C’è una domanda che ogni automobilista si pone quando entra in concessionaria: quanto vale davvero questa auto, usata di tre anni?
La risposta sembra semplice, ma non lo è affatto. Anzi, è proprio qui che spesso nasce la maggiore confusione del mercato dell’usato. Da una parte ci sono i proprietari convinti che la propria vettura valga quasi quanto il giorno dell’acquisto, perchè la loro lo hanno tenuta bene, meglio di altri…. Dall’altra gli acquirenti, che sperano di trovare occasioni irripetibili. In mezzo ci sono numeri, statistiche e soprattutto competenze che passano dai “padroni del mercato auto italiano per il nuovo” che sono i lettori e utenti di MissionFleet, ovvero i cosiddetti flottari che incidono sul volume importante delle immatricolazioni di auto nuove nel Bel Paese del 2026.
Per capire il valore reale di un’auto bisogna partire dal concetto di valore residuo, uno degli indicatori più importanti utilizzati dagli operatori professionali, dalle società di noleggio e dai concessionari.
Secondo le analisi di JD Power, ad aprile 2026 una vettura di 36 mesi con circa 60.000 chilometri è stata acquistata dagli operatori del settore mediamente al 44,6% del prezzo di listino originario. Un dato che evidenzia una contrazione del 6,7% rispetto allo stesso periodo del 2025.
Tradotto in termini concreti, significa che un’automobile acquistata nuova a 40.000 euro oggi, dopo tre anni e 60.000 chilometri, viene valutata mediamente poco meno di 18.000 euro dai professionisti del settore.
Un dato che farà storcere il naso a molti proprietari, ma che racconta la realtà del mercato.
La dura svalutazione di auto usate, il danno delle elettriche, gli affari…
Il problema è che molti automobilisti continuano a ragionare sul prezzo pagato e non sul valore attuale del veicolo.
La frase più comune è sempre la stessa: “L’ho pagata 40.000 euro e ha solo tre anni.”
Vero. Ma il mercato non ragiona con la memoria. Ragiona con la domanda, con l’offerta, con i costi di gestione, con la tecnologia disponibile e persino con le aspettative future dei compratori.
Ecco perché stimare correttamente un valore residuo richiede competenze specifiche. Lo sanno bene le società di noleggio a lungo termine, per le quali la previsione del valore futuro dell’auto rappresenta una componente decisiva nella definizione del canone mensile. Sbagliare la stima significa perdere migliaia di euro.
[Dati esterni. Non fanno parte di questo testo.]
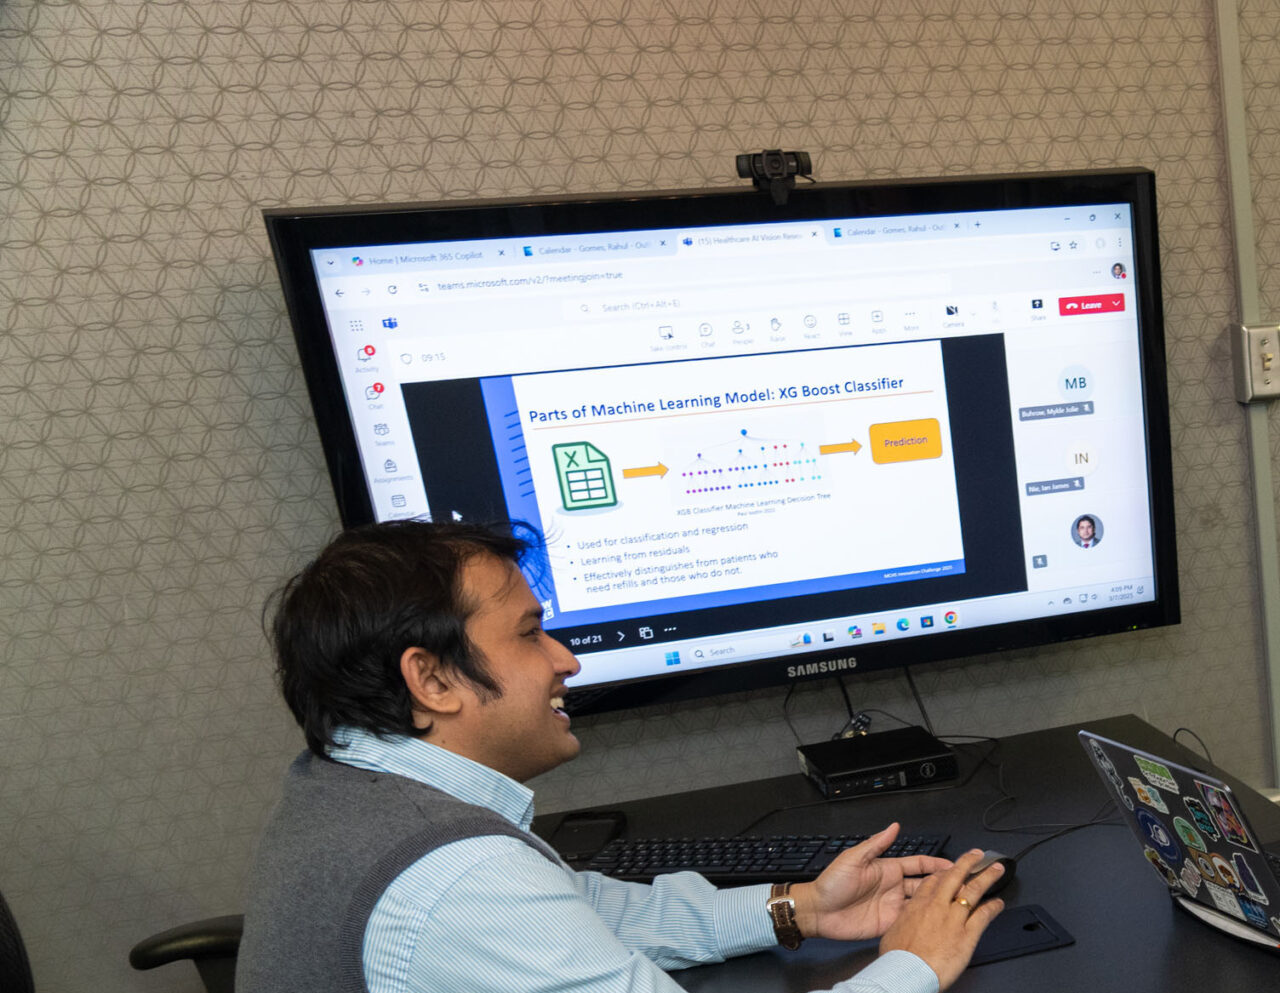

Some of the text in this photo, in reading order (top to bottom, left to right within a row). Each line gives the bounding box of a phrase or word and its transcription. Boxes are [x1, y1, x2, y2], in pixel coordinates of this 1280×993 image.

Le Toyota insegnano una lezione al mercato auto usate
Un altro dato interessante riguarda la velocità di vendita. Ad aprile il tempo medio necessario per vendere un’auto usata è stato di 55,4 giorni, in miglioramento rispetto al mese precedente ma leggermente peggiore rispetto a un anno fa. Ancora più significativo è osservare quali siano i modelli che trovano più rapidamente un nuovo proprietario.
Fatta eccezione per la Dacia Sandero, quattro dei cinque modelli più veloci da vendere appartengono al marchio Toyota, con permanenze medie sul mercato intorno ai 30 giorni. Un segnale che dovrebbe far riflettere chi acquista oggi una vettura nuova.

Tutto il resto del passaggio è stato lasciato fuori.